> **TASK DIRECTIONS**:
Each record below needs to be reproduced precisely, though not its pictures.

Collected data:
#####
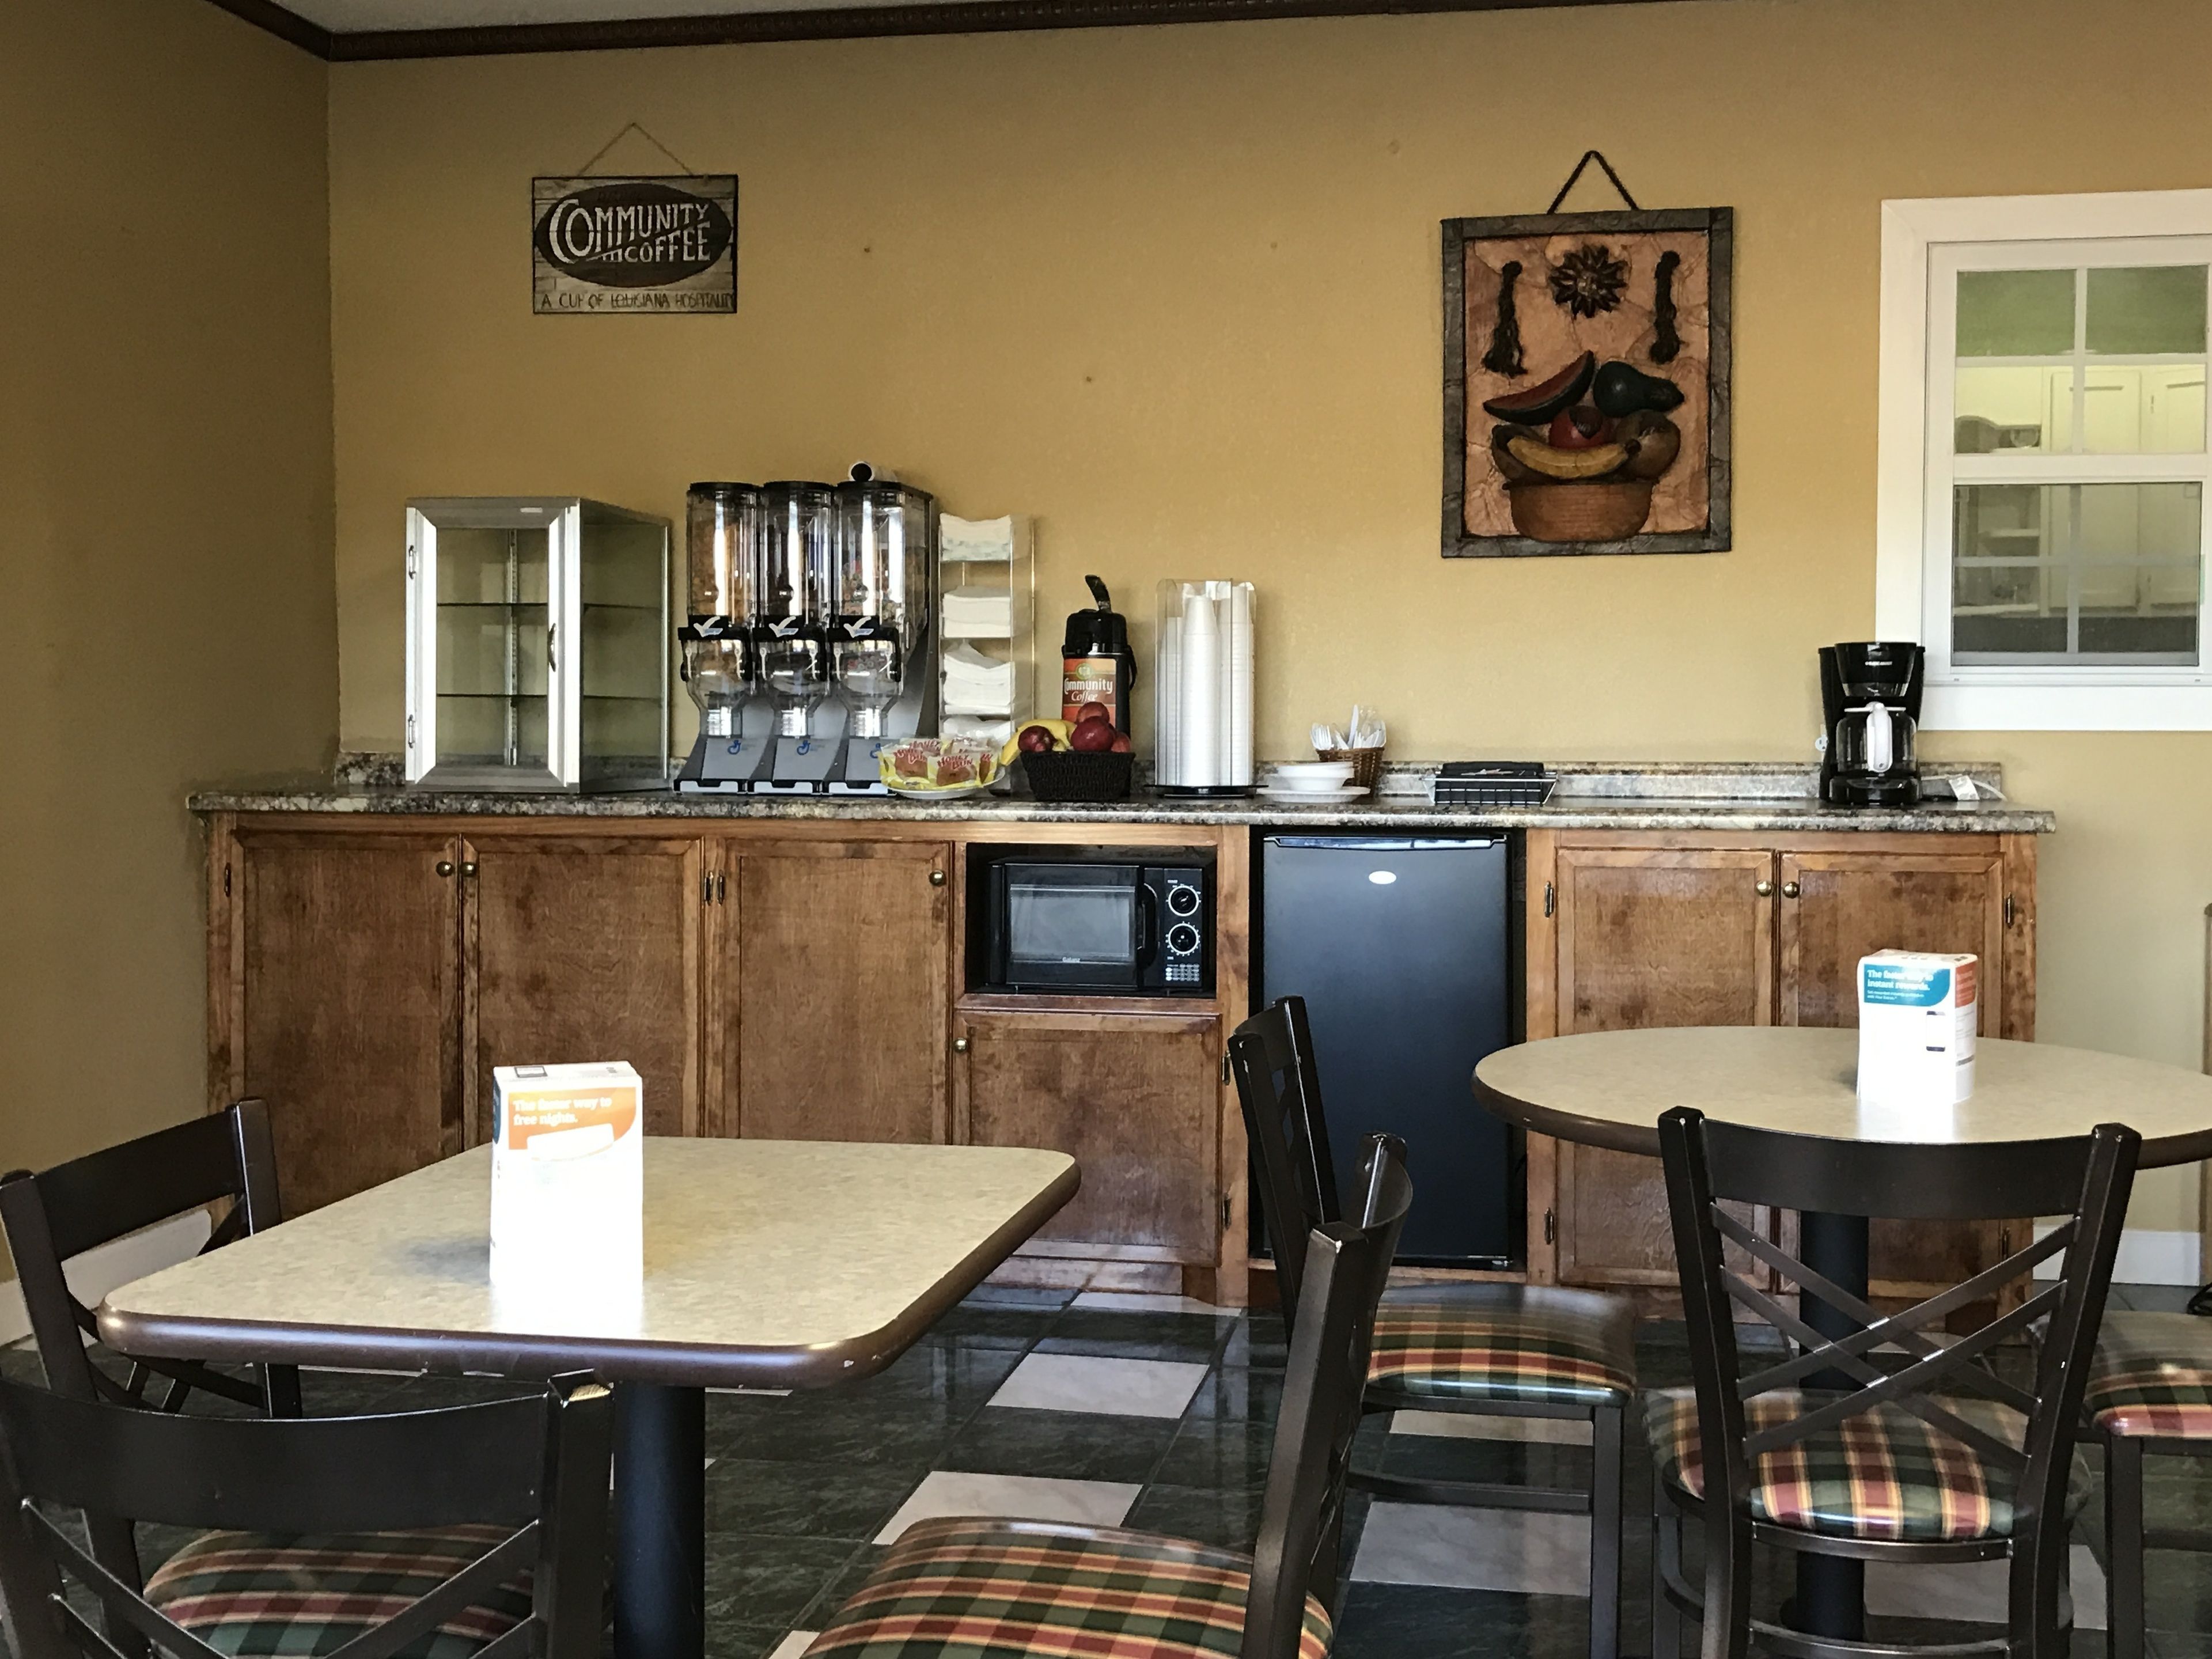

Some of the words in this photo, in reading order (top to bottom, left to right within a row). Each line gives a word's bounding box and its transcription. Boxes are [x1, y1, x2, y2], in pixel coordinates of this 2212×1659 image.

[549, 199, 710, 264] COMMUNITY
[624, 221, 711, 263] COFFEE
[541, 294, 551, 308] A
[559, 293, 584, 308] CUP
[588, 293, 604, 309] OF
[1064, 677, 1113, 695] Community
[1071, 691, 1098, 703] Coffee
[1867, 969, 1882, 978] The
[573, 1098, 599, 1111] way
[600, 1097, 612, 1108] to
[513, 1113, 537, 1126] free
#####
> **EXERCISE RESULT**:
Some of the words in this photo, in reading order (top to bottom, left to right within a row). Each line gives a word's bounding box and its transcription. Boxes are [x1, y1, x2, y2], in pixel coordinates of this 2212×1659 image.

[549, 199, 710, 264] COMMUNITY
[624, 221, 711, 263] COFFEE
[541, 294, 551, 308] A
[559, 293, 584, 308] CUP
[588, 293, 604, 309] OF
[1064, 677, 1113, 695] Community
[1071, 691, 1098, 703] Coffee
[1867, 969, 1882, 978] The
[573, 1098, 599, 1111] way
[600, 1097, 612, 1108] to
[513, 1113, 537, 1126] free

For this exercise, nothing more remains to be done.